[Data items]
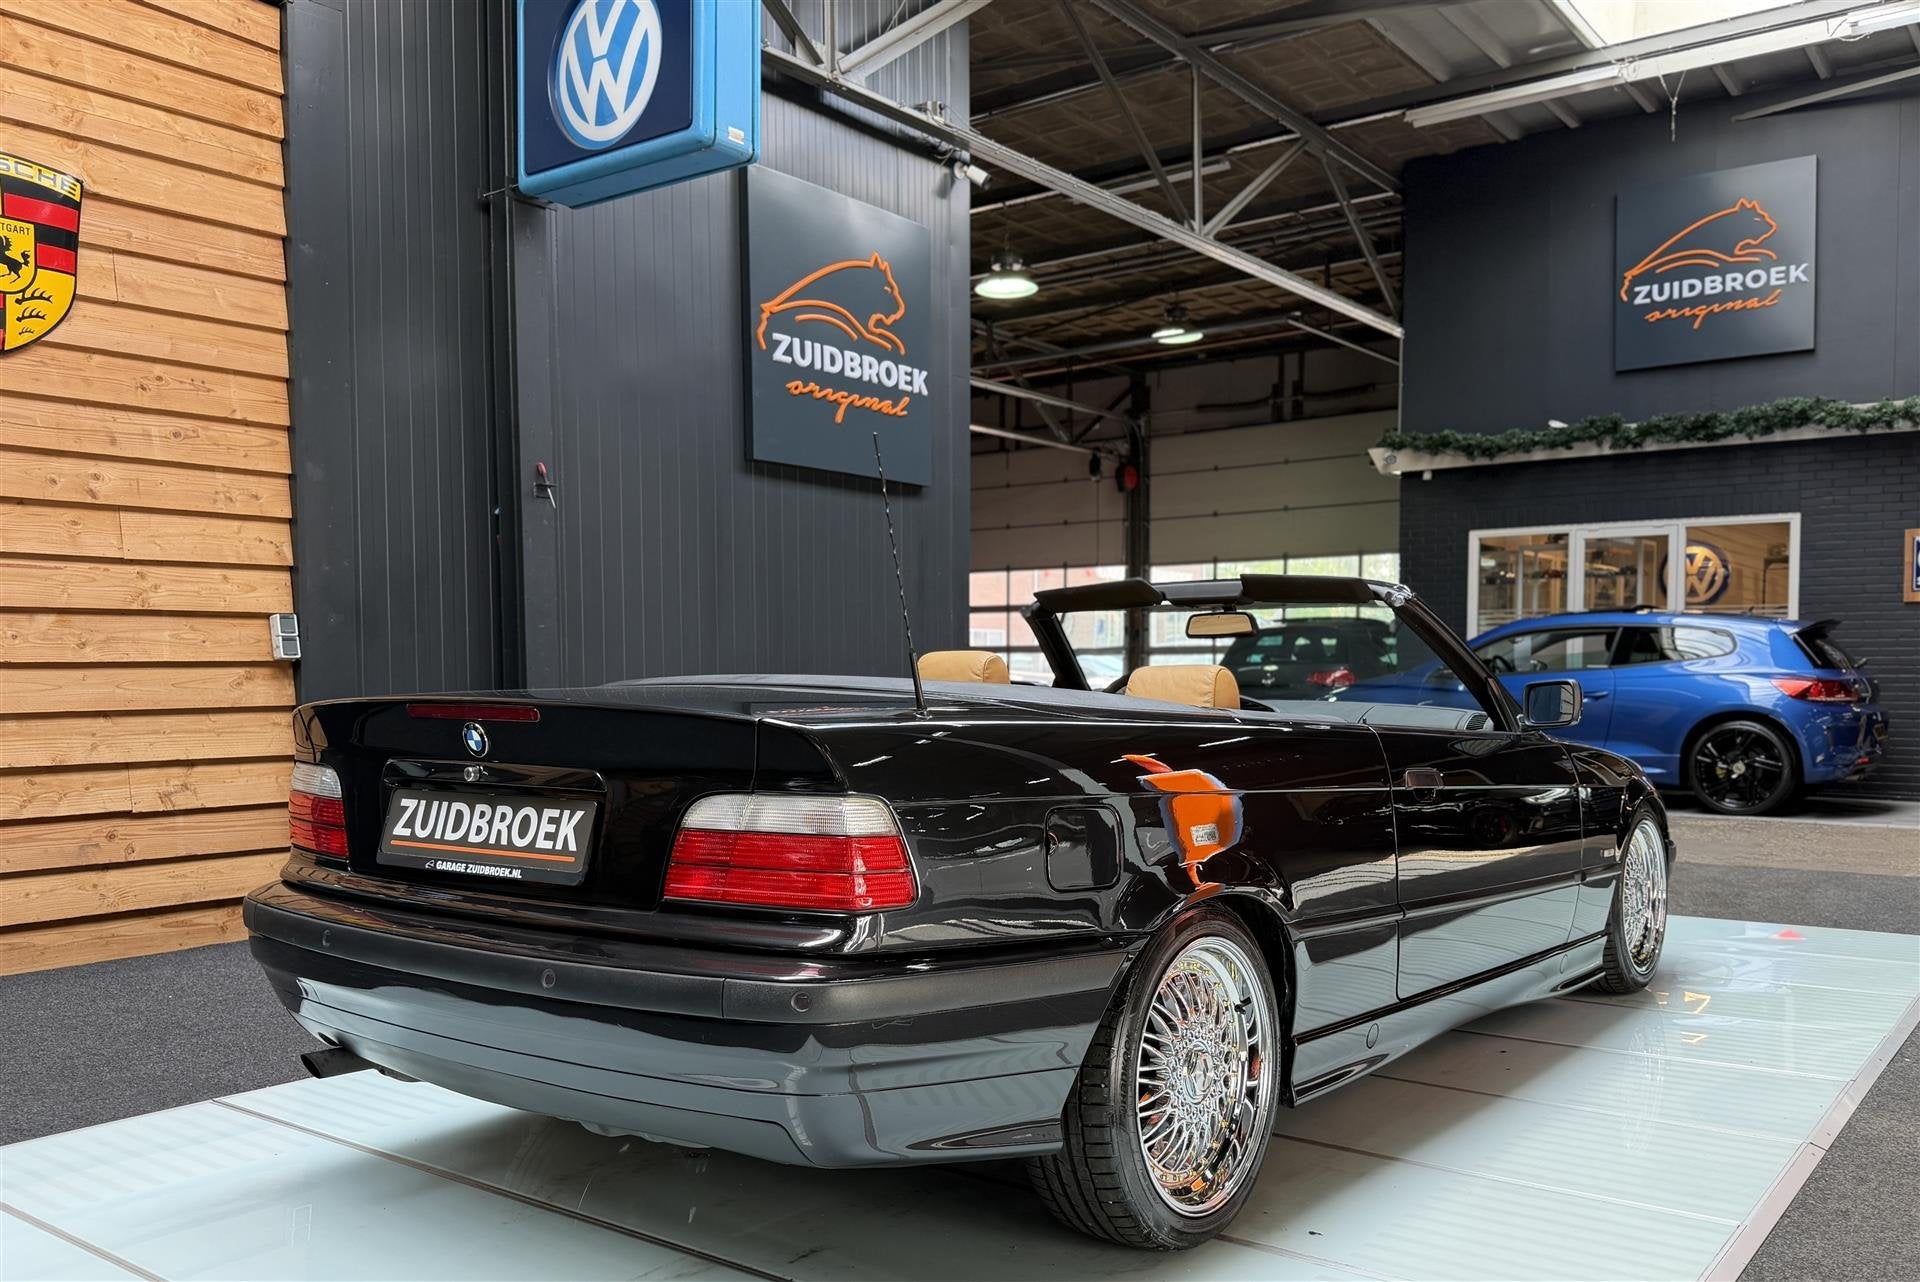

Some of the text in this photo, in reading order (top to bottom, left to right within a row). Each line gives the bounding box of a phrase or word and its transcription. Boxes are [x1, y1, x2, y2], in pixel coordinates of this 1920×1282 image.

[1633, 263, 1809, 305] ZUIDBROEK
[1644, 288, 1783, 330] original
[772, 332, 929, 396] ZUIDBROEK
[785, 379, 911, 424] original
[392, 798, 585, 852] ZUIDBROEK
[436, 860, 522, 879] GARAGE ZUIDBROEK.NL
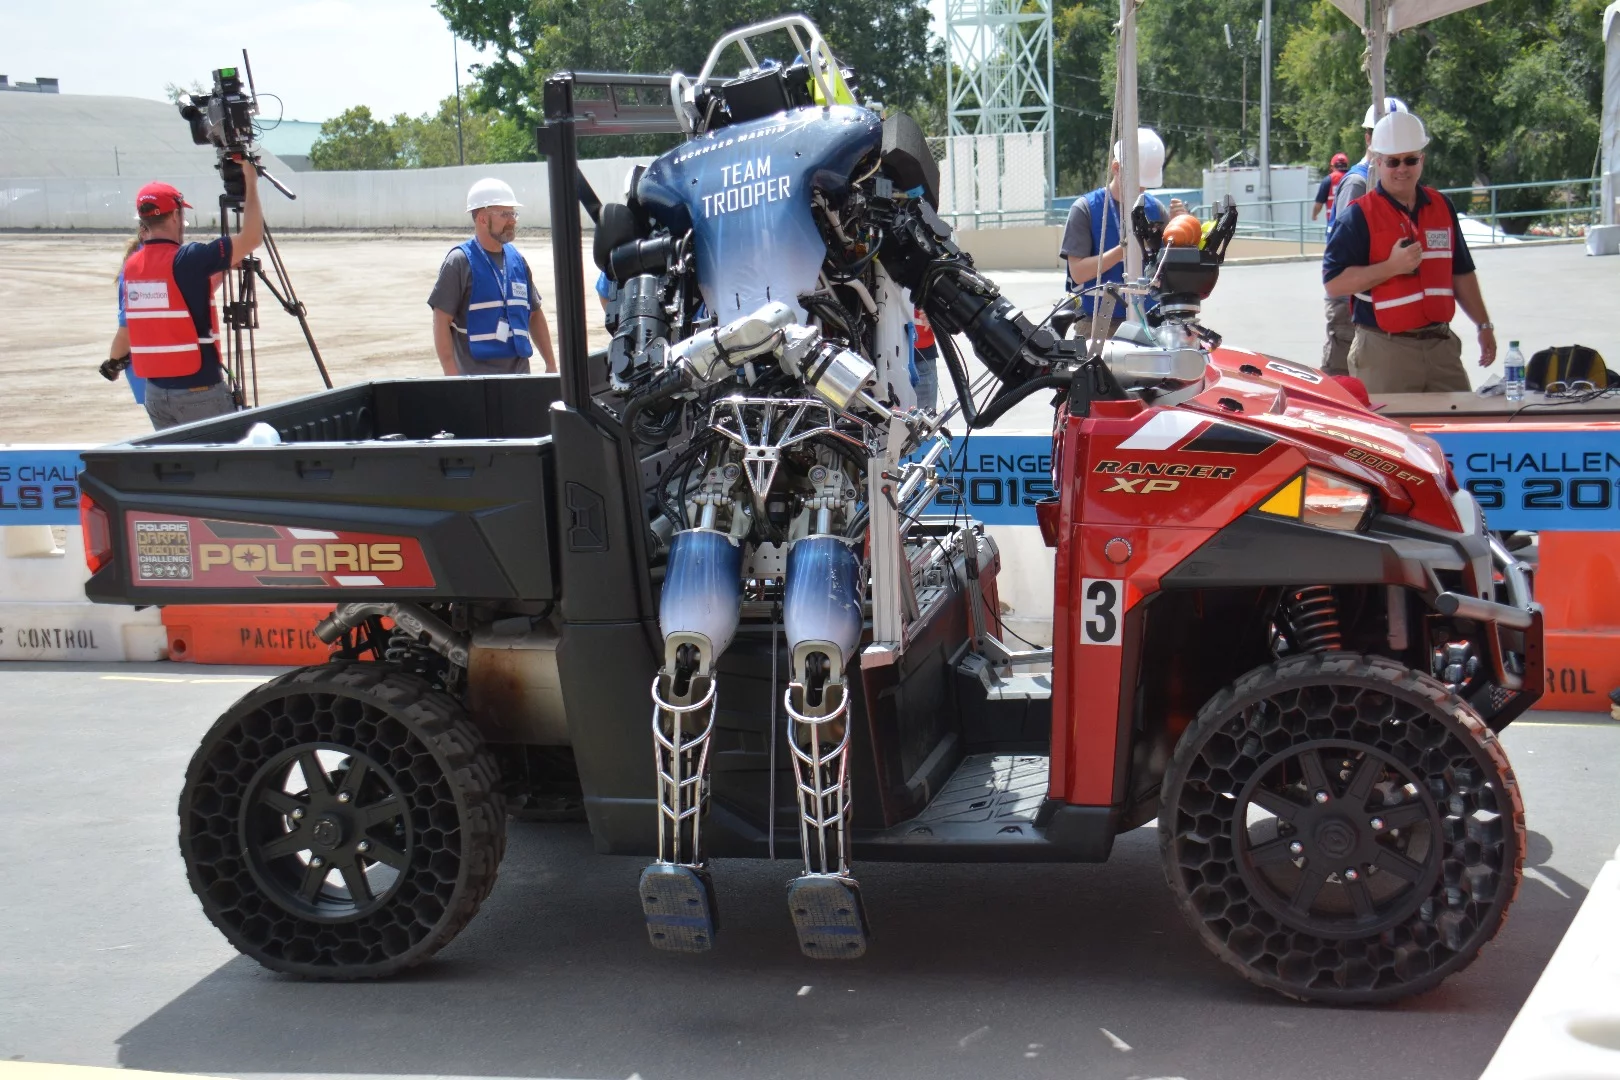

**WHAT NEEDS TO BE DONE**
Give the entries above again, exactly as written and free of images.

**WRITTEN RESPONSE**
Some of the text in this photo, in reading order (top to bottom, left to right within a row). Each line gives the bounding box of a phrase or word and its transcription. Boxes are [x1, y1, x2, y2], in pixel coordinates of this 1920×1282 image.

[1633, 263, 1809, 305] ZUIDBROEK
[1644, 288, 1783, 330] original
[772, 332, 929, 396] ZUIDBROEK
[785, 379, 911, 424] original
[392, 798, 585, 852] ZUIDBROEK
[436, 860, 522, 879] GARAGE ZUIDBROEK.NL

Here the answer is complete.